Michael continues to be recognized among Protestants by key churches dedicated to him, e.g., St. Michaelis Church, Hamburg and St. Michael's Church, Hildesheim, each of which is of the Lutheran Church and has appeared in the Bundesländer series of €2 commemorative coins for 2008 and 2014 respectively.
In Bach's time, the annual feast of Michael and All the Angels on 29 September was regularly celebrated with a festive service, for which Bach composed several cantatas, for example the chorale cantata Herr Gott, dich loben alle wir, BWV 130 in 1724, Es erhub sich ein Streit, BWV 19, in 1726 and Man singet mit Freuden vom Sieg, BWV 149, in 1728 or 1729.
Seventh-day Adventists, believe that Michael is another name for the eternal Son of the Father, the Heavenly Christ, and another name for the Word-of-God (as in John 1) before he became incarnate as Jesus. "Archangel" (meaning "Chief of the Angels", "highest messenger") was the leadership position as held by the Word-of-God as Michael while among the angels. According to Adventist theology, Michael was considered the "eternal Word", and not a created being or created angel, and the one by whom all things were created. The Word was then born incarnate as Jesus.
Seventh-day Adventists believe the name "Michael" is significant in showing who he is, just as "Immanuel" (which means "God with us") is about who Jesus is. They believe that name "Michael" signifies "one who is God" and that as the "Archangel" or "chief or head of the angels" he led the angels and thus the statement in Revelation 12:7-9 identifies Jesus as Michael.

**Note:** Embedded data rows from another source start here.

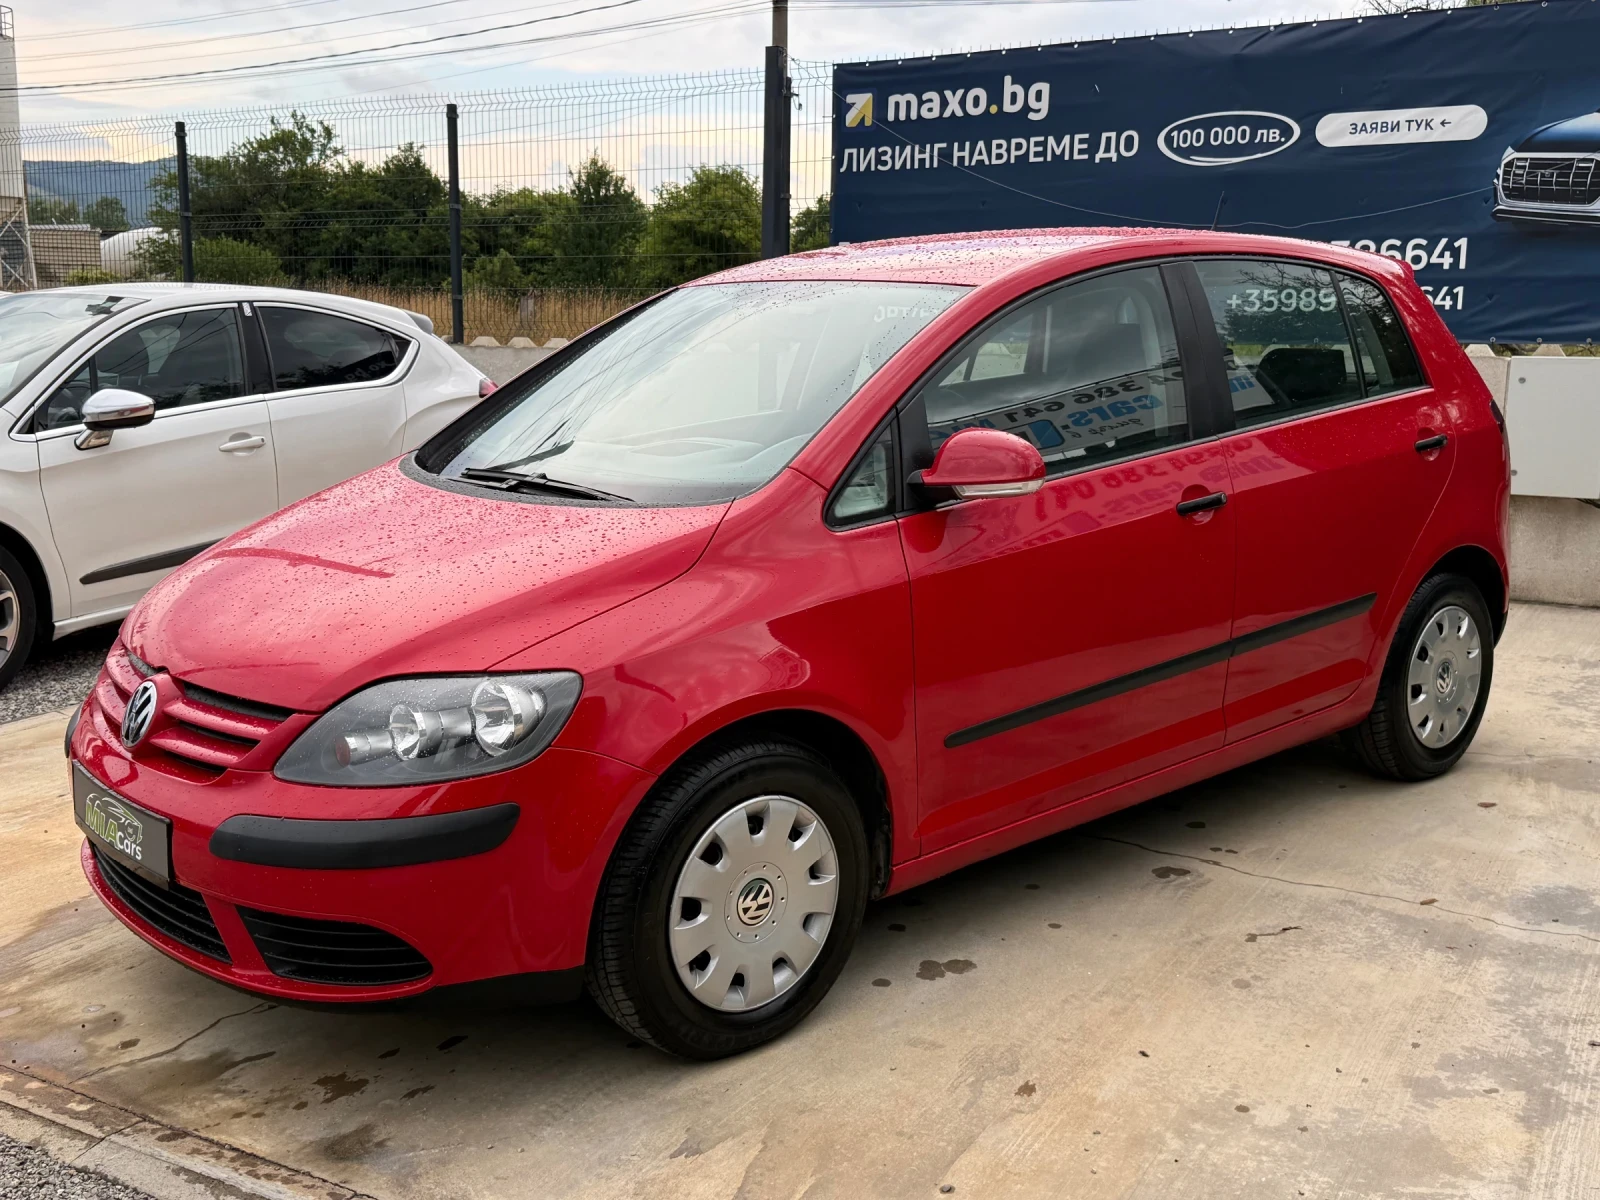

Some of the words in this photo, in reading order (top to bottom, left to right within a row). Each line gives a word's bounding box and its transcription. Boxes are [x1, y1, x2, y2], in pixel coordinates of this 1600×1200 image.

[887, 75, 1050, 121] maxo.bg
[840, 143, 947, 173] ЛИЗИНГ
[953, 133, 1089, 167] НАВРЕМЕ
[1095, 130, 1139, 163] ДО
[1170, 129, 1205, 149] 100
[1210, 125, 1250, 146] 000
[1254, 129, 1286, 143] лв.
[1349, 120, 1400, 135] ЗАЯВИ
[1405, 118, 1435, 132] ТУК
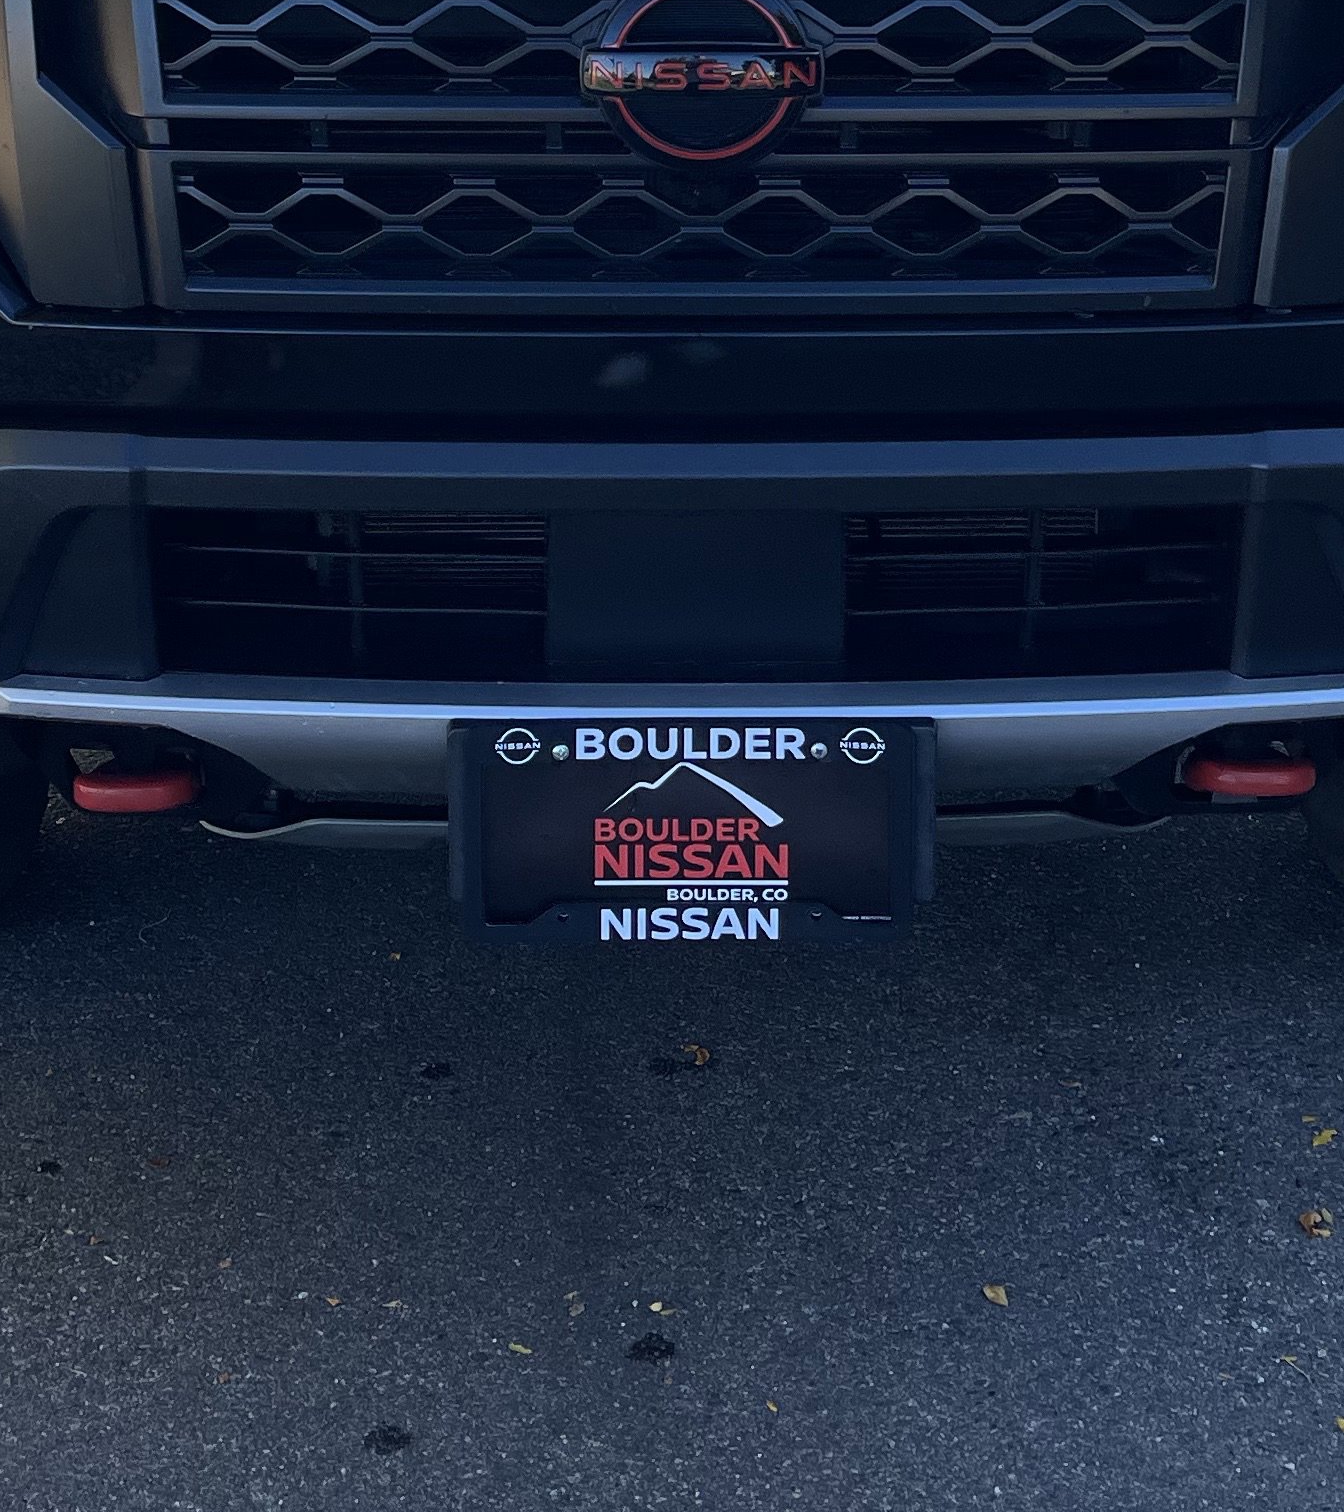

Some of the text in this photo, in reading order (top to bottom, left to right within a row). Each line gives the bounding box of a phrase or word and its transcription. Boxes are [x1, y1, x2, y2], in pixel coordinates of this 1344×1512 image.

[590, 60, 817, 90] NISSAN
[494, 727, 886, 761] NISSAN BOULDER NISSAN
[594, 818, 760, 842] BOULDER
[593, 844, 789, 879] NISSAN
[666, 888, 789, 903] BOULDER, CO
[599, 908, 780, 941] NISSAN
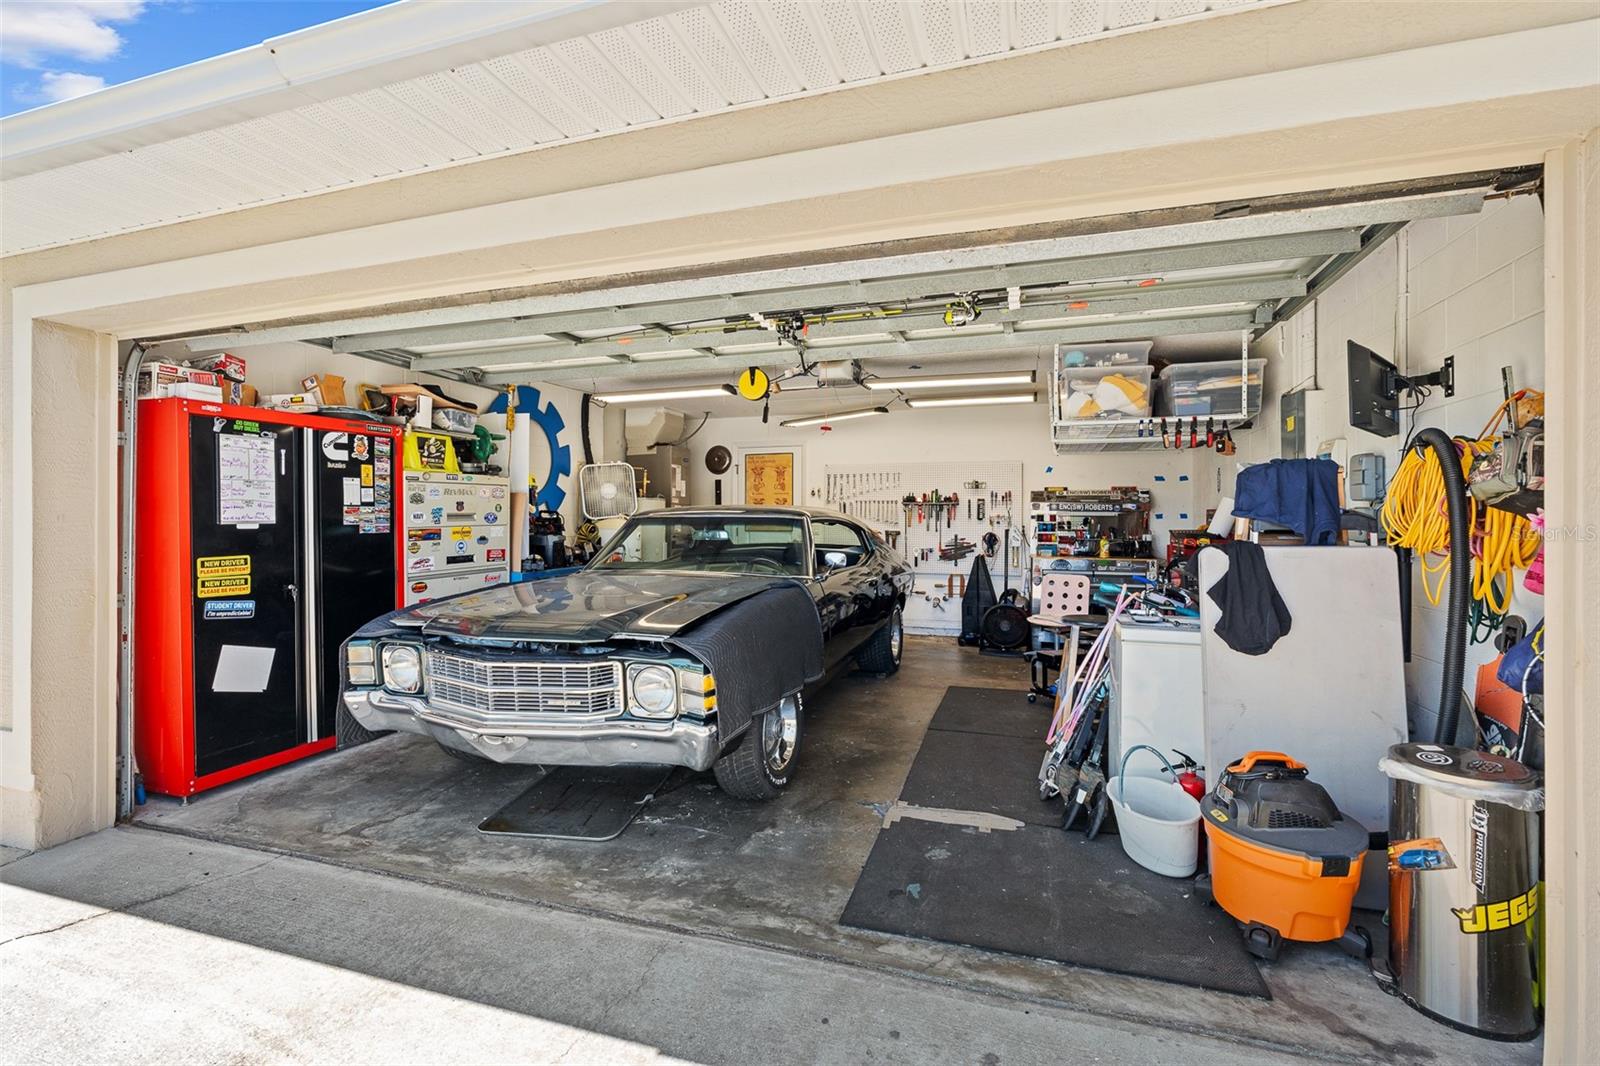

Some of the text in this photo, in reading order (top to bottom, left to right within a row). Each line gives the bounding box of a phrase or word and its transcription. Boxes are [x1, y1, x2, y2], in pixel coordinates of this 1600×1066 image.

Seventh-day Adventists believe that "Michael" is but one of the many titles applied to the Son of God, the second person of the Godhead. According to Adventists, such a view does not in any way conflict with the belief in his full deity and eternal preexistence, nor does it in the least disparage his person and work. In support of the Seventh-day Adventist belief, Michael is also identified by them as being the very commander of Heavenly legions of the hosts of the LORD, God's invincible army, which helped Joshua son of Nun to lead Israel in to conquering Jericho [Joshua 5:14 - "And he said, Nay; but as captain of the host of the LORD am I now come. And Joshua fell on his face to the earth, and did worship, and said unto him, What saith my Lord unto his servant?"]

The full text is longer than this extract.